Unlike other options where the unique point of identification is the national identification number and the photographic image verifiable by the naked eye, BVR uses a more sophisticated and reliable system where physical features unique to each individual are used.

BVR has the advantage of minimising electoral fraud by among other things preventing voters from casting their ballot twice.
A senior Zec official however revealed the commission was operating on a shoestring budget and was failing to pay its administrative staff on time.

The lack of resources has compromised the BVR which requires a lot of money for procurement, operation and maintenance of the system.

“Zec has adopted biometric voter registration but it has faced challenges of financing the BVR. For it to be implemented, Zec needs about US$50 million. United Nations Development Programme (UNDP) will give Zec something like US$32 million and government has to put in US$18 million. For Zec to get the US$32 million, government must commit that it will provide its share,” said an official familiar with the developments.

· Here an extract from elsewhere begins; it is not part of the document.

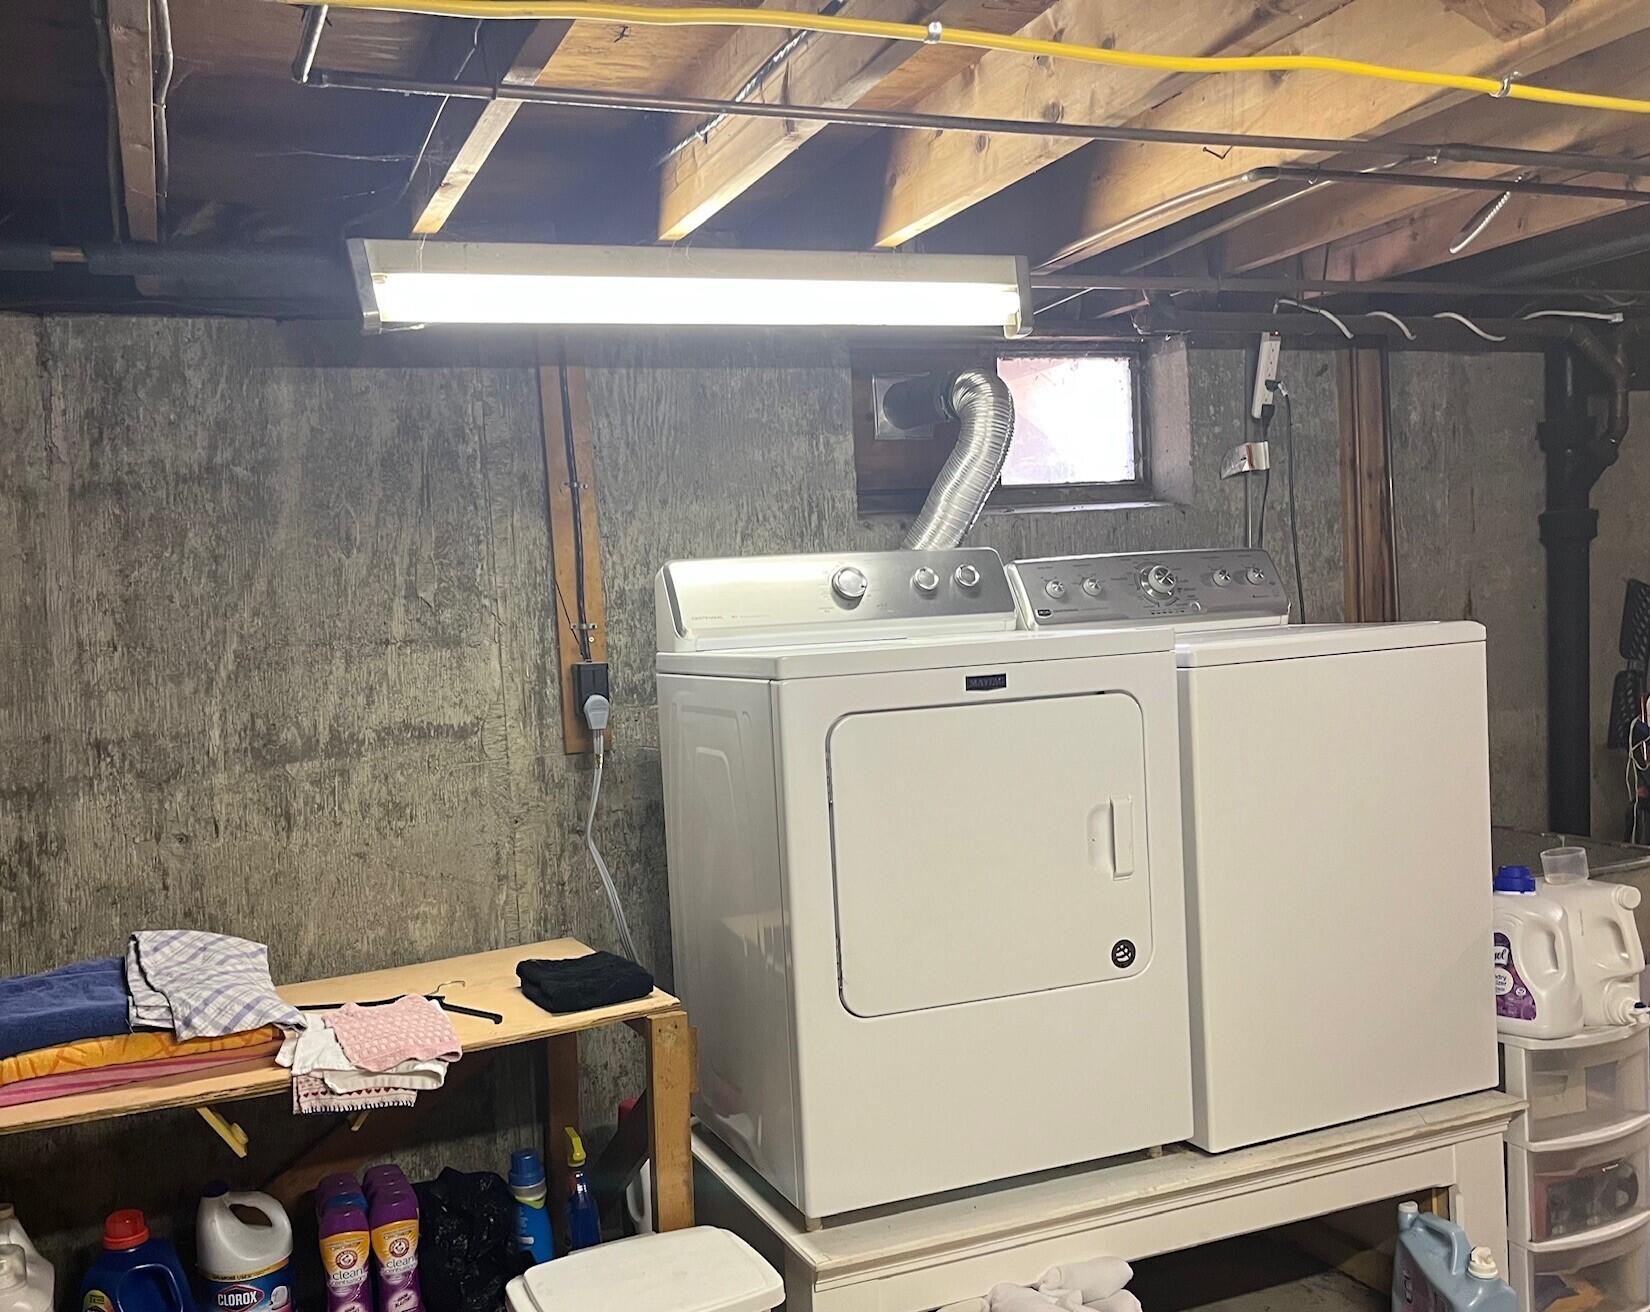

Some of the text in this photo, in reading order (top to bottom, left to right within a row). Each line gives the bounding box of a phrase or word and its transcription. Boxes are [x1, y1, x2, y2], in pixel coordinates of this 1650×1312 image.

[386, 1255, 415, 1269] clean
[332, 1268, 364, 1281] clean
[217, 1291, 258, 1306] CLOROX
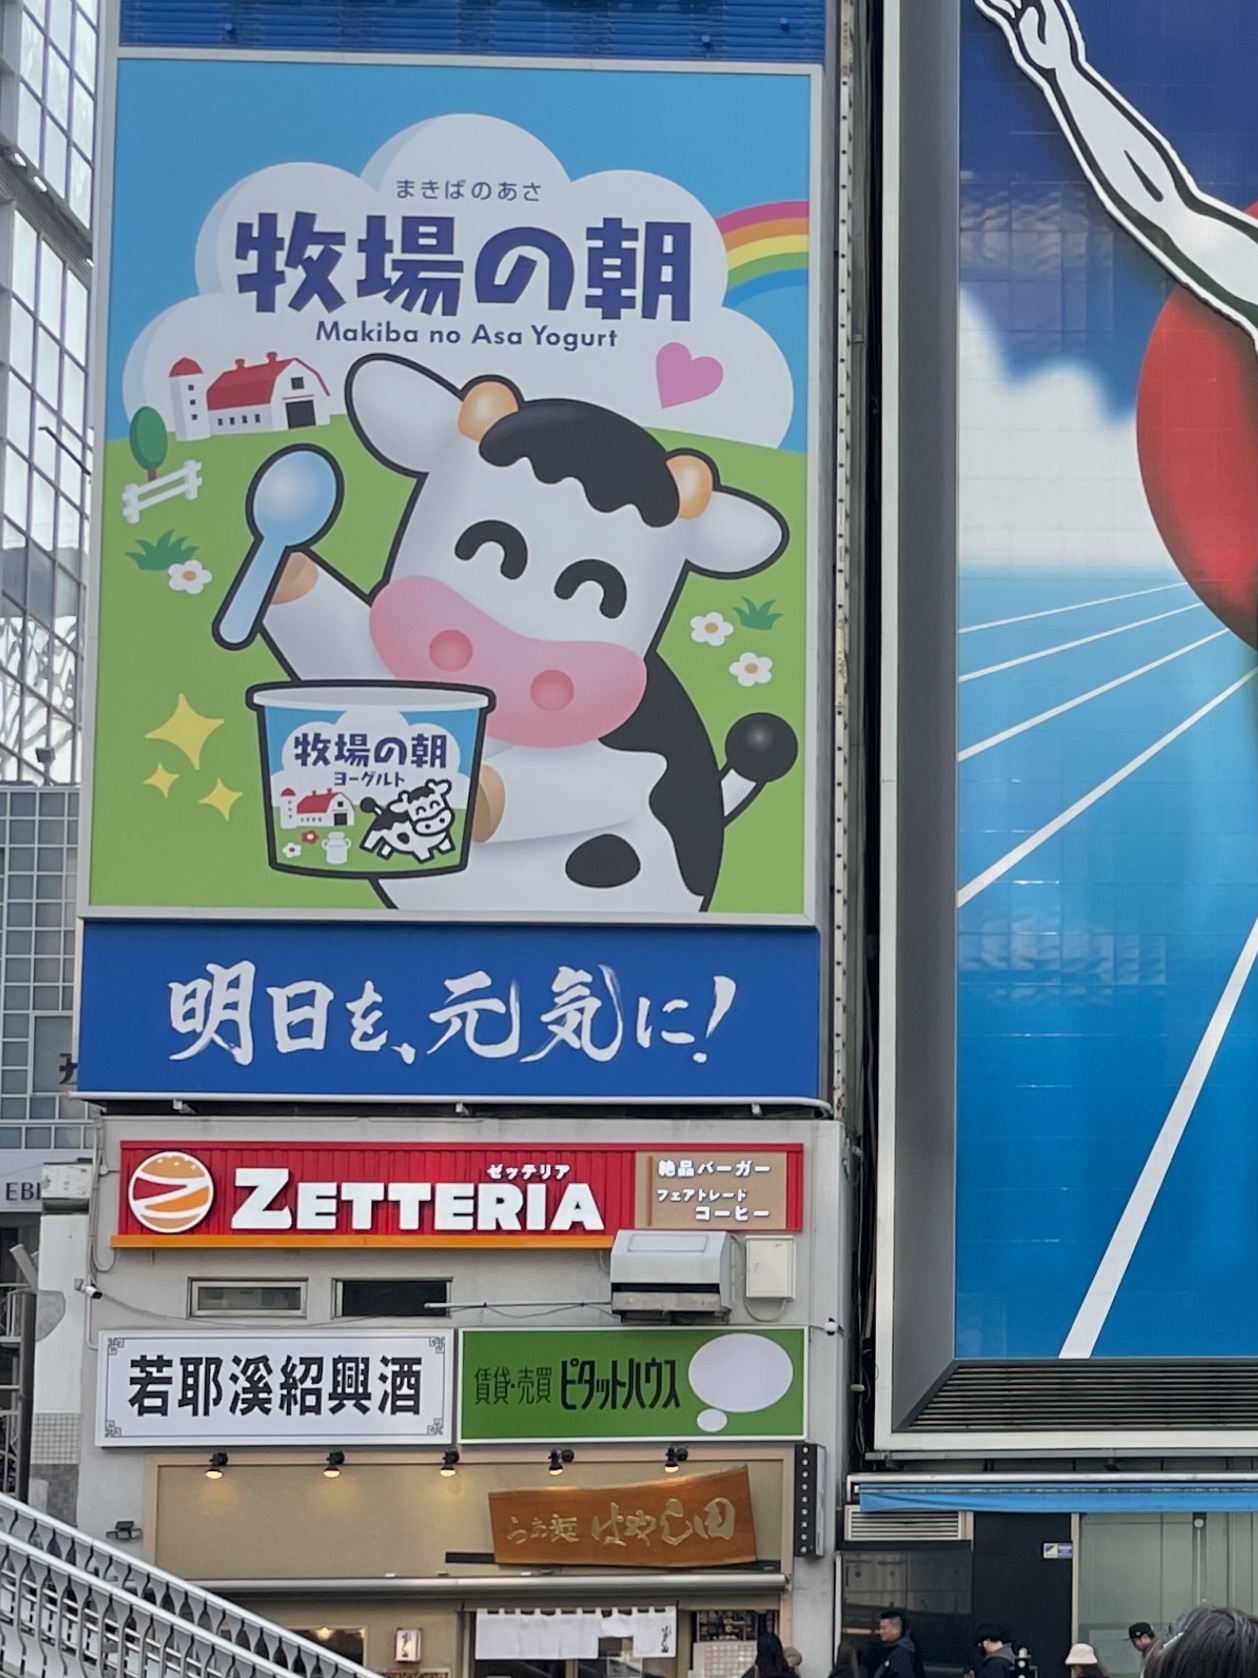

“The problem is government does not have the money and there is a danger that as we get closer to 2018, if no money is found, BVR might be affected and the election might be a disaster given that indications are that the 2018 elections are going to be hotly contested.”

The official revealed that Zec cannot look for funds on its own because “the financing model for Zec is such that government must be the one that makes an agreement for Zec”.

The official said Zec is working with consultants from Brazil, India and Malawi seconded by the UNDP as it prepares to roll out BVR.

Manually creating a voters roll, the official said, would be more costly as it would require US$65 million.